╭─ Source material

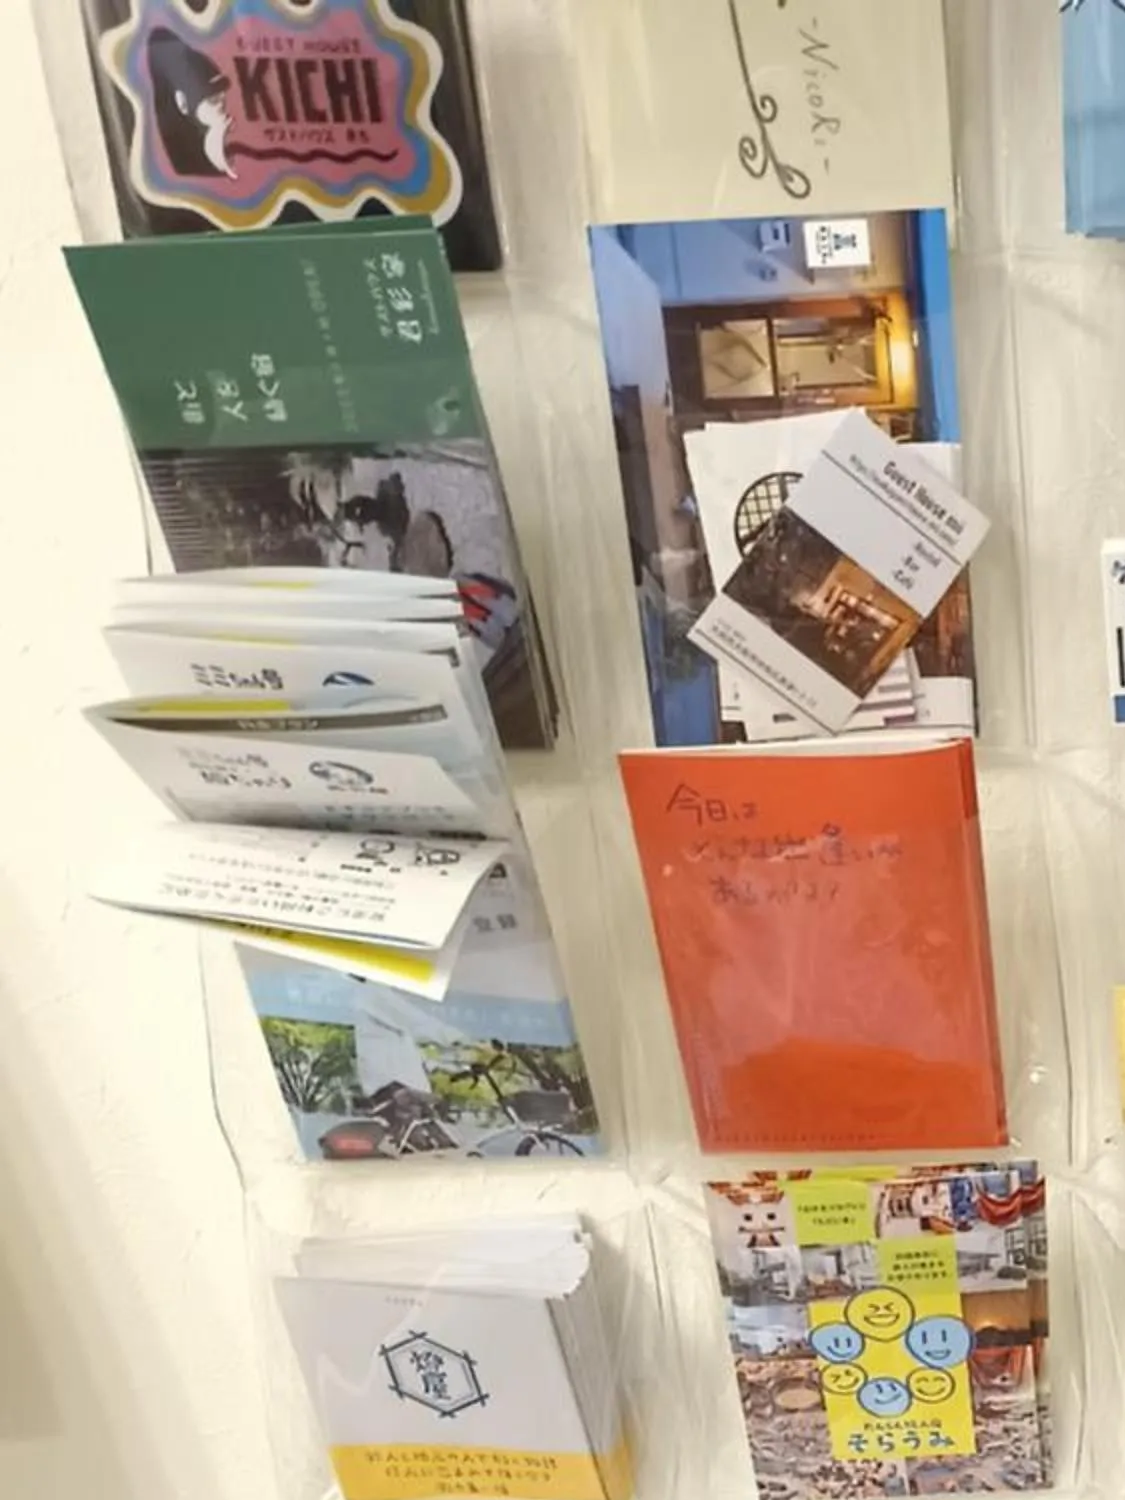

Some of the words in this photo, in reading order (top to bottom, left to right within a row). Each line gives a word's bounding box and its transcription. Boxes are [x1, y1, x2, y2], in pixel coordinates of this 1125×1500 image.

[232, 56, 384, 125] KICHI
[848, 1431, 956, 1453] そらうみ
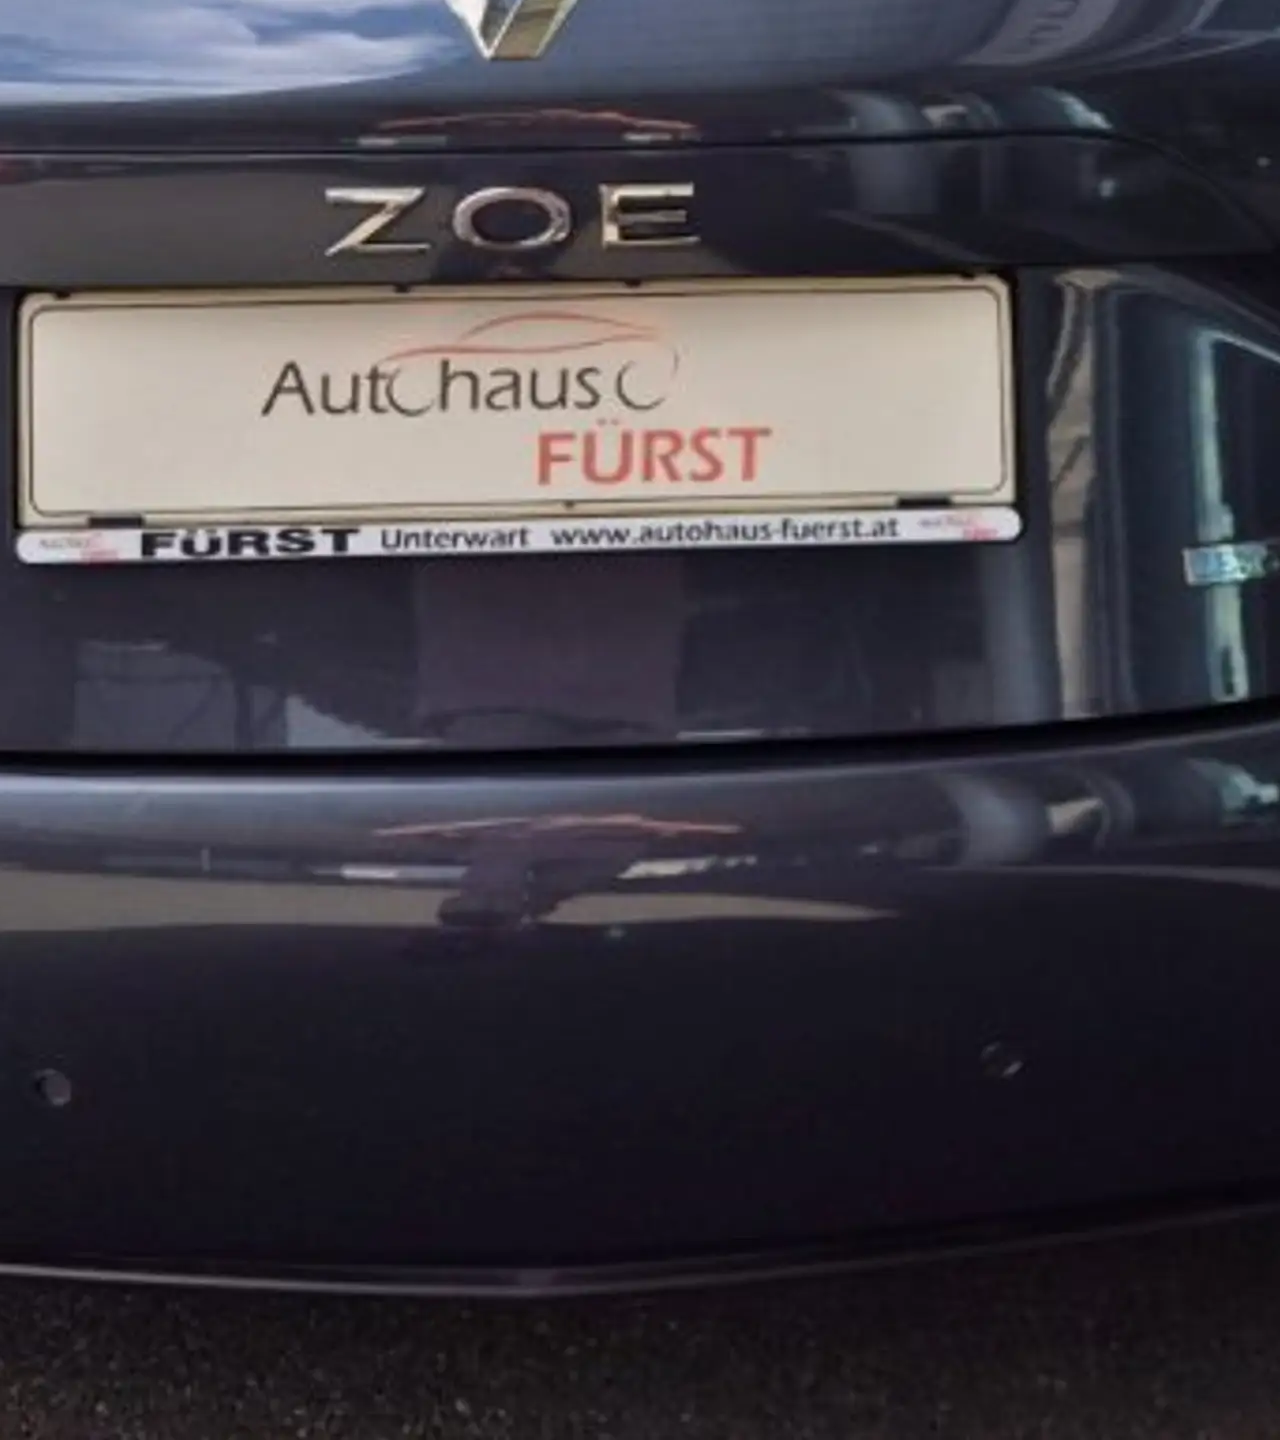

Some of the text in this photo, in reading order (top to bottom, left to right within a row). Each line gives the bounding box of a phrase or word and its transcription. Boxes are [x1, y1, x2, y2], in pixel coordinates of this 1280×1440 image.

[324, 182, 701, 257] ZOE
[537, 418, 773, 486] FÜRST
[141, 527, 361, 559] FÜRST
[380, 525, 531, 551] Unterwart
[550, 516, 900, 547] www.autohaus-fuerst.at
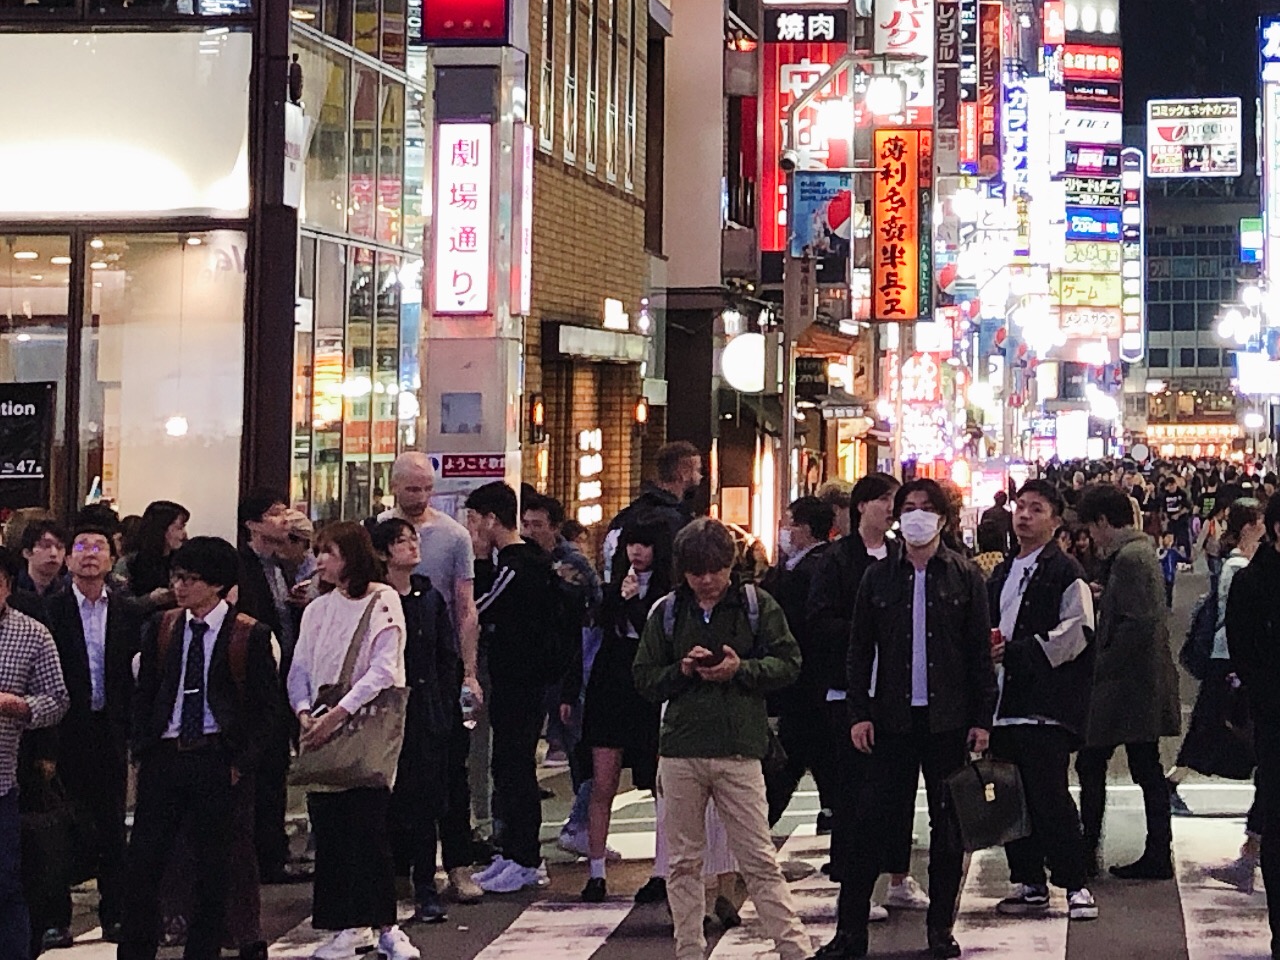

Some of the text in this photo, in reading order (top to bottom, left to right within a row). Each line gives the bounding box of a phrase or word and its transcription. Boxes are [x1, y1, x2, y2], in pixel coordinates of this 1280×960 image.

[777, 12, 835, 41] 焼肉
[449, 138, 480, 297] 劇場通り
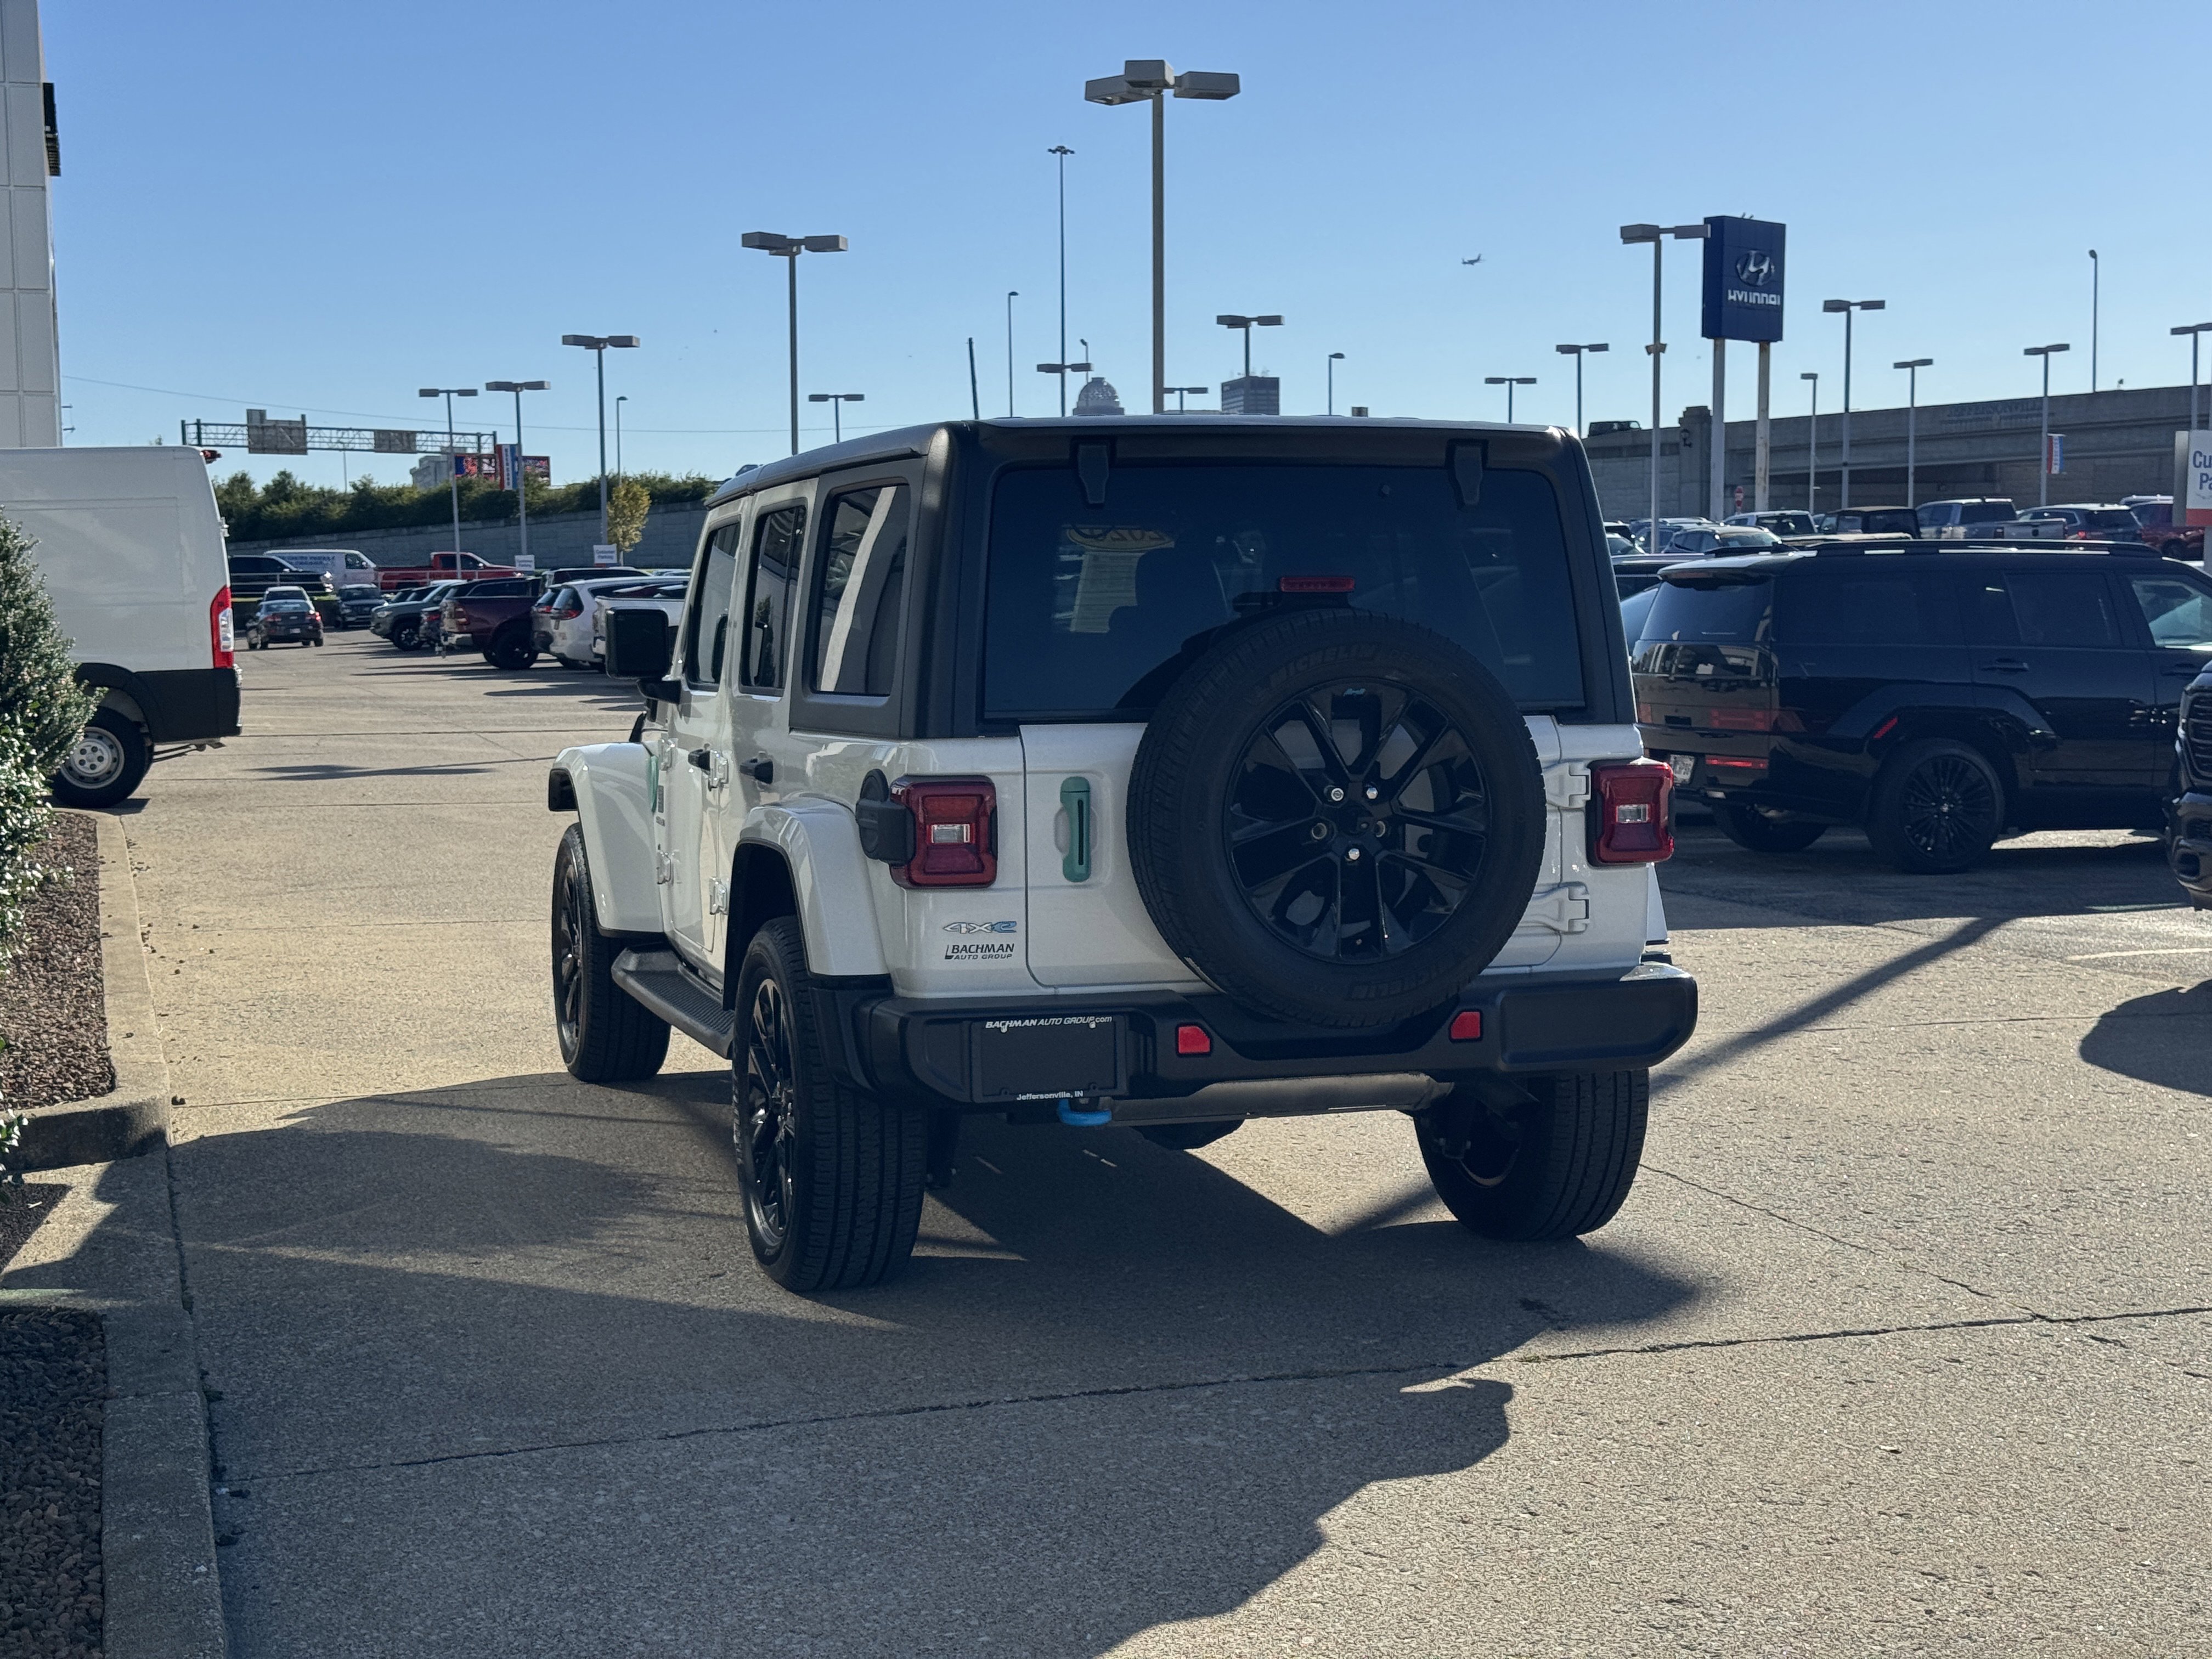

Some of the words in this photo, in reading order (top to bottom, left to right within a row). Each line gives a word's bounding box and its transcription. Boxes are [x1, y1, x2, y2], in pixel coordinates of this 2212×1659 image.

╰─

Task description =>
Leave out the pictures and return, exactly as written, only the lines from the line with "this 1280×960 image." through the end of the records above.

Task answer =>
Some of the text in this photo, in reading order (top to bottom, left to right within a row). Each line gives the bounding box of a phrase or word and its transcription. Boxes are [x1, y1, x2, y2], in pixel coordinates of this 1280×960 image.

[777, 12, 835, 41] 焼肉
[449, 138, 480, 297] 劇場通り

Some of the words in this photo, in reading order (top to bottom, left to right within a row). Each line gives a word's bounding box and its transcription. Boxes are [x1, y1, x2, y2], in pixel coordinates of this 2212×1659 image.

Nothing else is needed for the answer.